What Can Be Collected

Data from HTTP headers, URLs, servers, and JavaScript — the full analytics data landscape

Four Data Sources

Analytics data comes from four sources, each providing different information automatically or with code:

From HTTP Headers (Automatic)

  1. IP address — geographic location, ISP, rough identity
  2. User-Agent — browser, OS, device type
  3. Referer — where the user came from (previous page or search engine)
  4. Accept-Language — user's language preferences
  5. Cookies — session identifiers, tracking IDs, preferences
  6. Other Headers — if logs are extended any header can be collected, including those set by script code or added because of Client Hints — see Section 5 (Enriching Server Logs) for details on log formats, Client Hints, and script-to-header techniques

From the URL (Automatic)

  • Path — which page or resource was requested
  • Query parameters — search terms, filter state, pagination
  • UTM codes — campaign tracking (utm_source, utm_medium, utm_campaign)

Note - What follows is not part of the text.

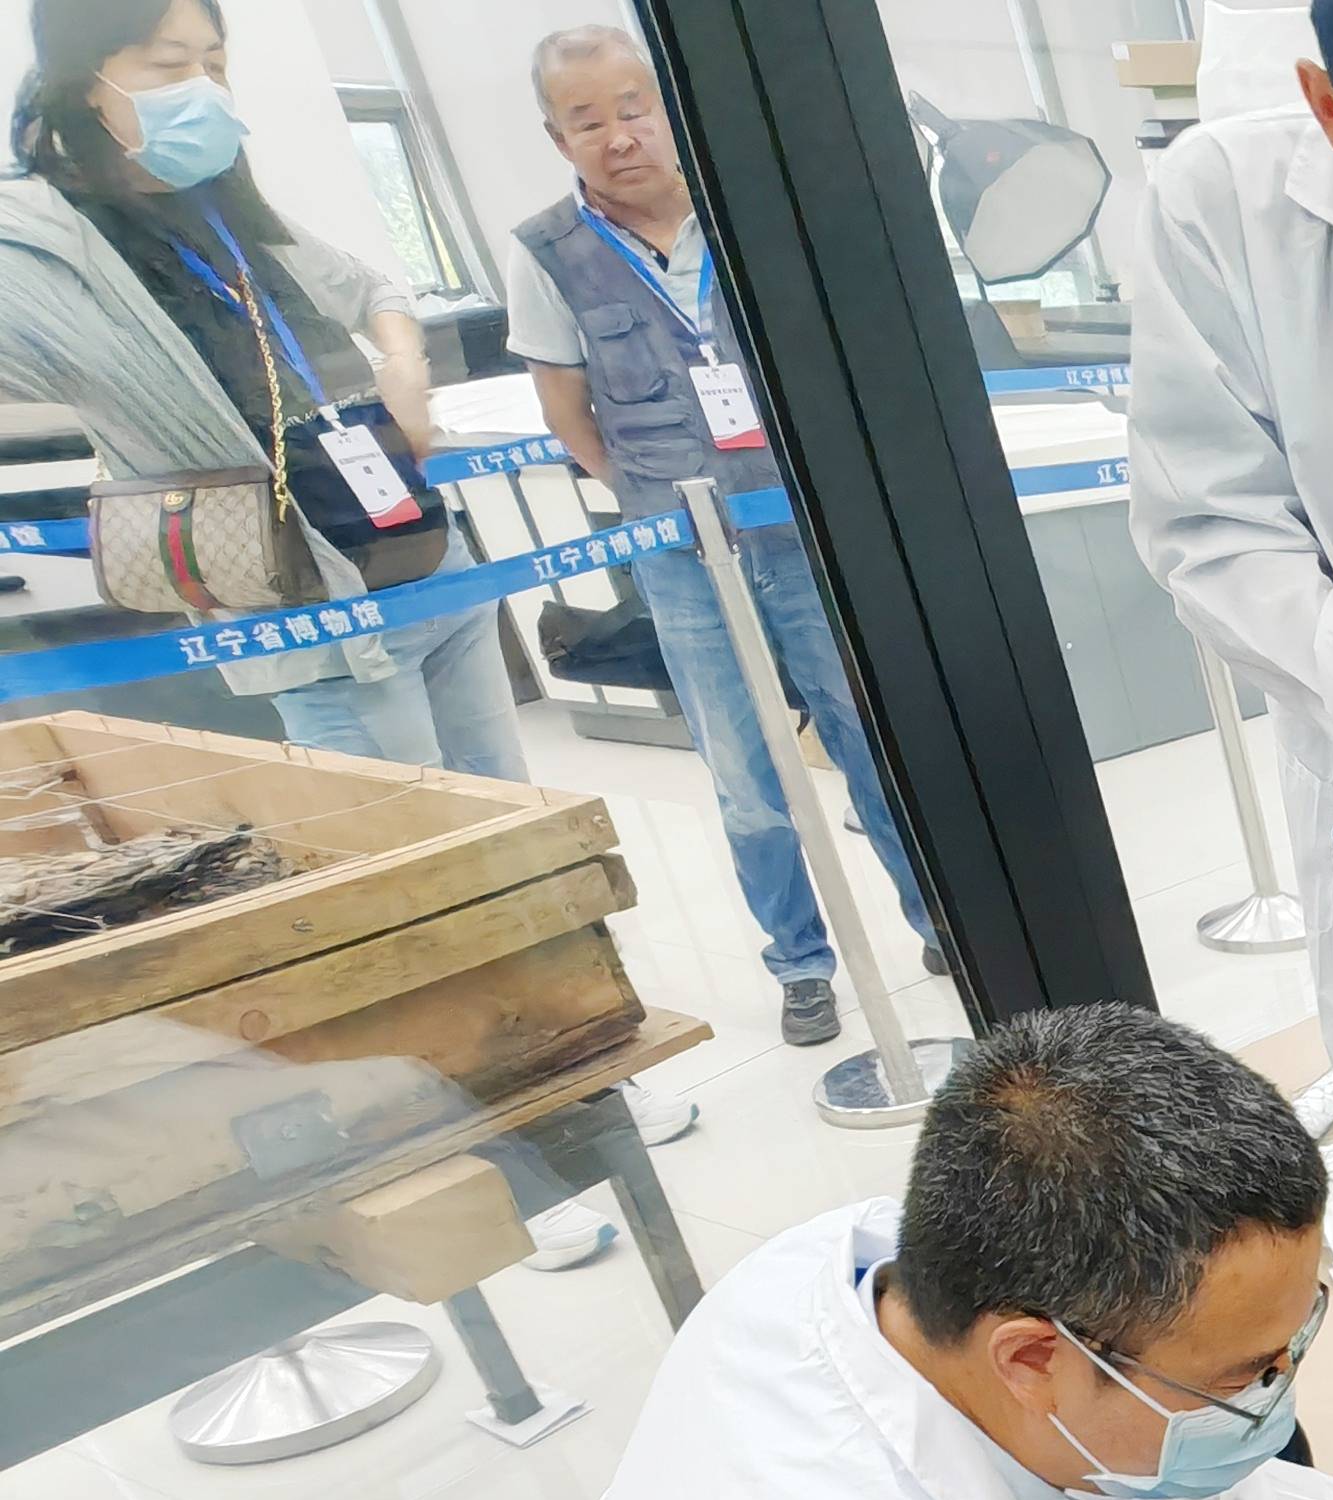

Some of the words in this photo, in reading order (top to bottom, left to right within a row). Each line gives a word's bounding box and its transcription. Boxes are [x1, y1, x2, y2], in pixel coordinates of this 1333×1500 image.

[533, 517, 681, 581] 辽宁省博物馆
[178, 599, 385, 665] 辽宁省博物馆
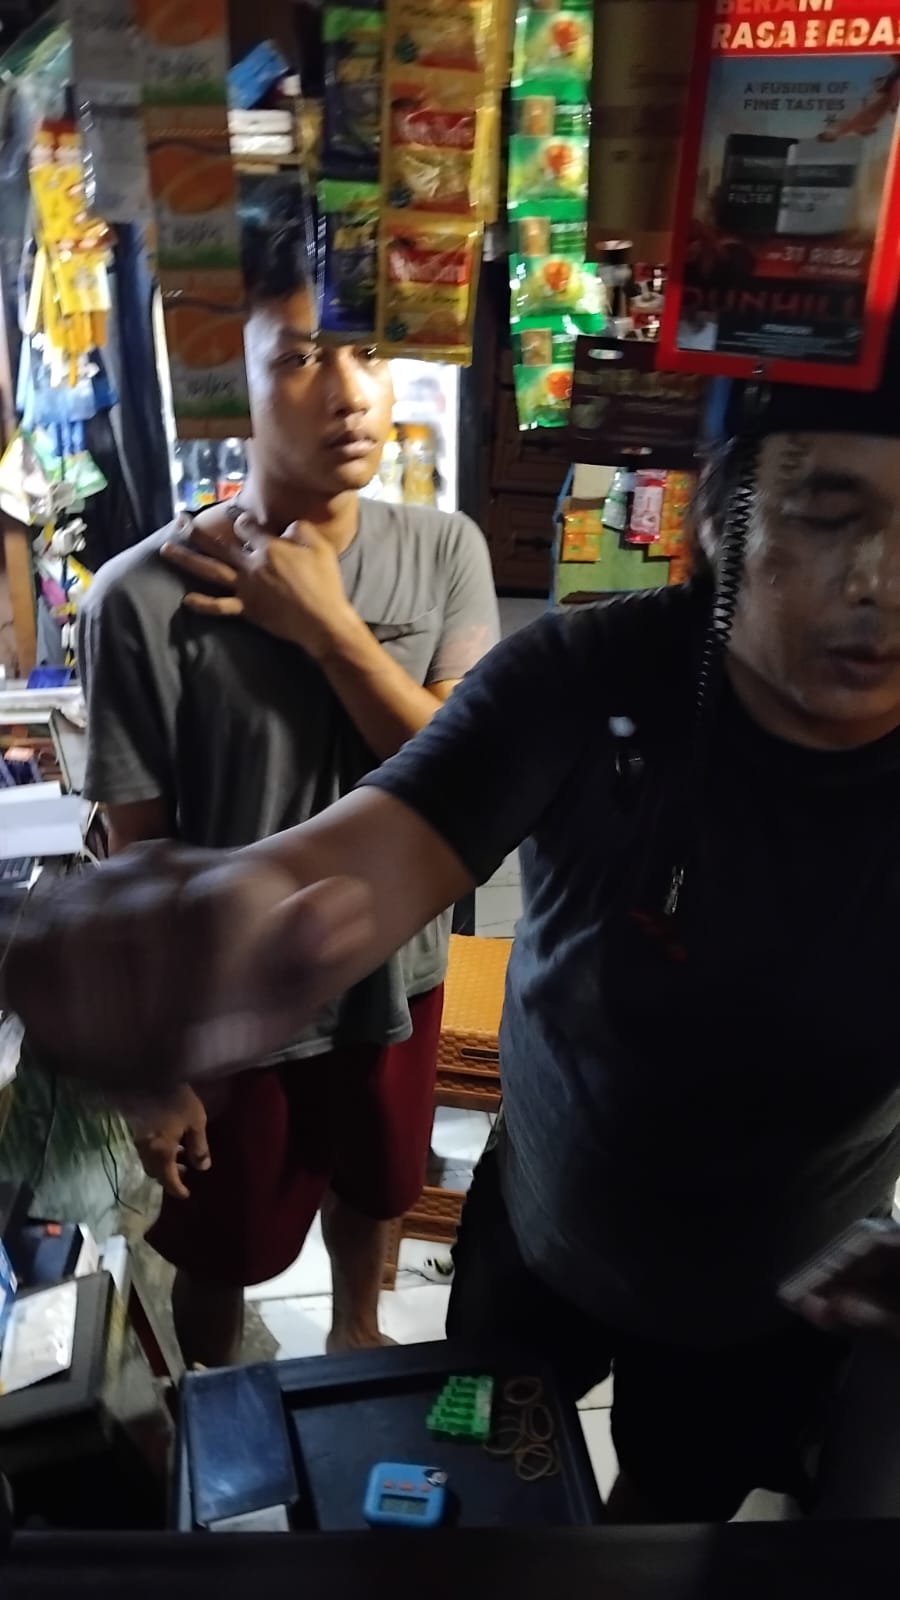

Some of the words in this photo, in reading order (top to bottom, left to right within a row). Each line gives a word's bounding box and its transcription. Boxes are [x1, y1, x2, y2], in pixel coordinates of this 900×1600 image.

From the Server (Automatic)

  • Timestamp — when the request arrived
  • Status code — success, redirect, client error, server error
  • Response size — bytes transferred
  • Processing time — how long the server took to respond

From JavaScript (Requires Code)

  • Viewport dimensions — actual visible area, not screen resolution
  • Scroll depth — how far down the page users read
  • Click coordinates and targets — what users click on
  • Mouse movement — where attention and hesitation occur
  • Performance timing API — DNS, TCP, TTFB, DOM load, paint times
  • JavaScript errors — exceptions, stack traces, failed resource loads
  • DOM state — form values, element visibility, dynamic content
  • Custom events — add-to-cart, video play, tab switch, really anything you define.